Interview with Kali Wallace, Author of Shallow Graves
10 Mar 2016
Shallow Graves is about a teenage girl named Breezy who is murdered one night after an ordinary high school party. She wakes up one year later to find that she has come back as some kind of undead creature of the night with the ability to sense murderers and an entire world and magic and monsters and mysteries to explore. She travels across the country and meets many interesting new people, some good and some bad, some who want to help and some who want to hurt, all the while trying to figure out what’s happened to her and what kind of place she has in this new world she doesn’t understand.
What are you currently craving?
Oranges. I would really like to have an orange right now.
Say you’re the host of a literary talk show. Who would be your first guest? What would you want to ask?
Ooooh this is a tough one. I love to talk about writing with other writers. I think I would have to pick Ursula K. Le Guin, although there is a danger that I wouldn’t even be able to ask a question.

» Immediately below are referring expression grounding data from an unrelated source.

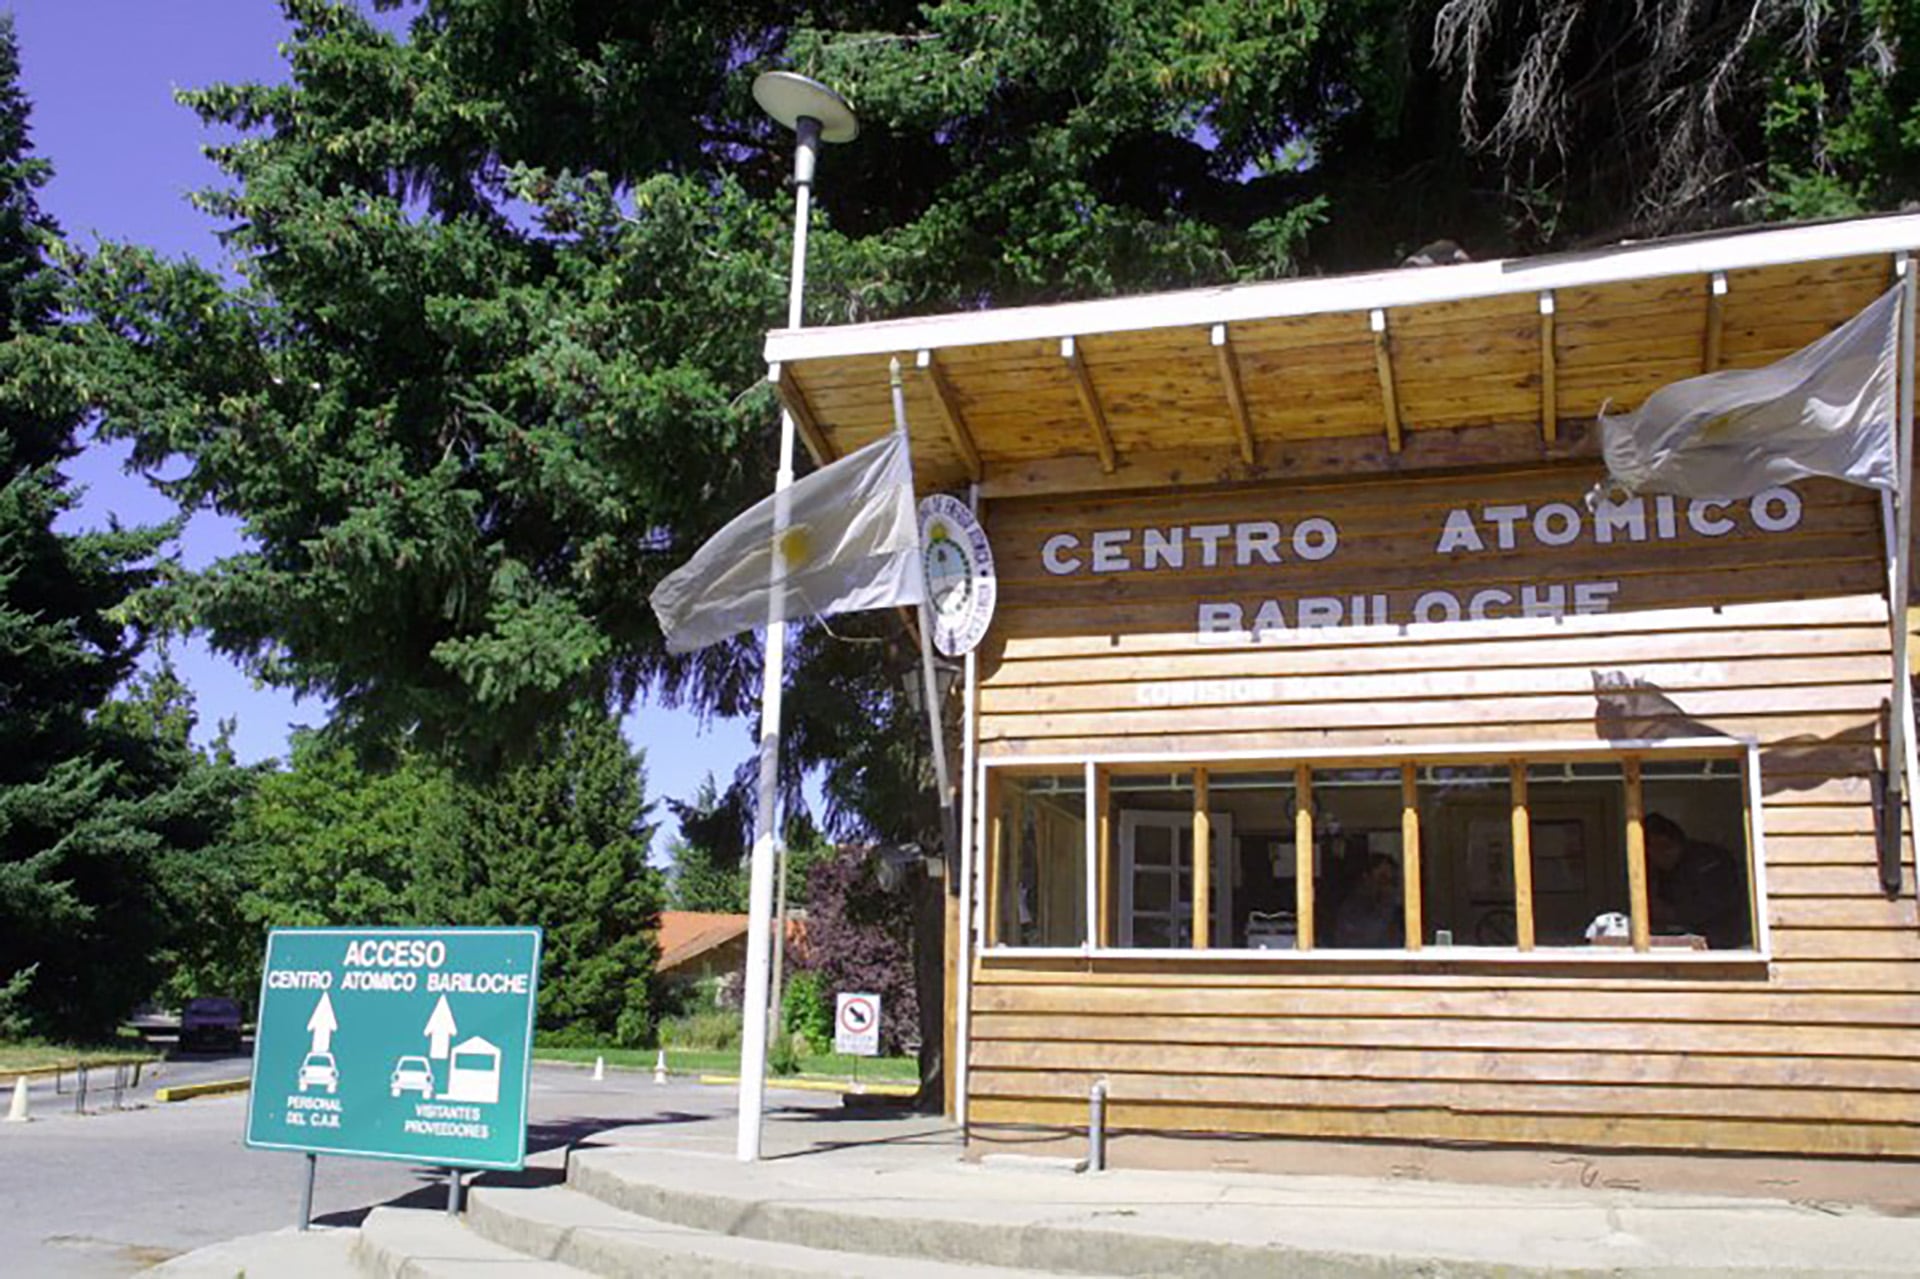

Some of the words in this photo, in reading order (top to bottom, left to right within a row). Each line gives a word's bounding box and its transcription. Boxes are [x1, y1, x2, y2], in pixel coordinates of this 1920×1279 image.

[1041, 517, 1339, 576] CENTRO
[1436, 487, 1802, 554] ATOMICO
[1198, 580, 1620, 643] BARILOCHE
[343, 940, 446, 968] ACCESO
[268, 970, 333, 990] CENTRO
[341, 971, 417, 992] ATOMICO
[427, 973, 529, 995] BARILOCHE
[287, 1095, 343, 1113] PERSONAL
[415, 1103, 481, 1121] VISITANTES
[286, 1111, 307, 1126] DEL
[404, 1119, 489, 1139] PROVEEDORES

I would just sort of vaguely splutter, “Books. Science fiction. Fantasy. Stuff. Writing. You know?” And she, I hope, would be gracious enough to interpret my intention and find something to say on those topics. I am certain it would be interesting and wise and well worth talking about for a little while!

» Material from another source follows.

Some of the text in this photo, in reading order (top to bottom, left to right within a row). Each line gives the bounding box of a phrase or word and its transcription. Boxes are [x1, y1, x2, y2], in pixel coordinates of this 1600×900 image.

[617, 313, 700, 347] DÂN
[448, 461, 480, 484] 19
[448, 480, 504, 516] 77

If you could invent anything, what would it be?
A spaceship that makes space travel across vast distances, to fascinating corners of the galaxy, safe, easy, and readily available to young adult authors.
What will your next adventure be?
I’m going to get to work on that spaceship just as soon as I’m done writing books.
What books are currently on your night stand?
I have a lot of books on my night stand, because my night stand is basically an extension of my bookshelves: The Whale by Philip Hoare, The Dead House by Dawn Kurtagich, The Bishop’s Wife by Mette Ivie Harrison (which I’ve already read; it’s just waiting to go back to the library), I Know This Much Is True by Wally Lamb, A Brief History of Seven Killings by Marlon James, The Lowland by Jhumpa Lahiri, and The Sacred Lies of Minnow Bly by Stephanie Oakes.
What’s your favorite quote or scene from Shallow Graves?
My very favorite scene comes near the end, so I don’t want to spoil it, but it’s a section where my main character–who is, if you’ll recall, very much undead–reflects upon what her life would have been like if it had gone on as planned. It’s hard to explain why this section is so beloved to me, but it’s my favorite, and I hope other people find it as powerful as I mean it to be.
Do you have a motto, quote or philosophy you live by?
I don’t, really, but do try to live day to day remembering that unless I ever find myself in possession of nuclear launch codes and/or vials of a zombie pandemic virus, the mistakes I makes aren’t going to bring about the end of the world, and in that context a mistake is just a mistake, and there’s nothing to do but learn and try to do better and go forward.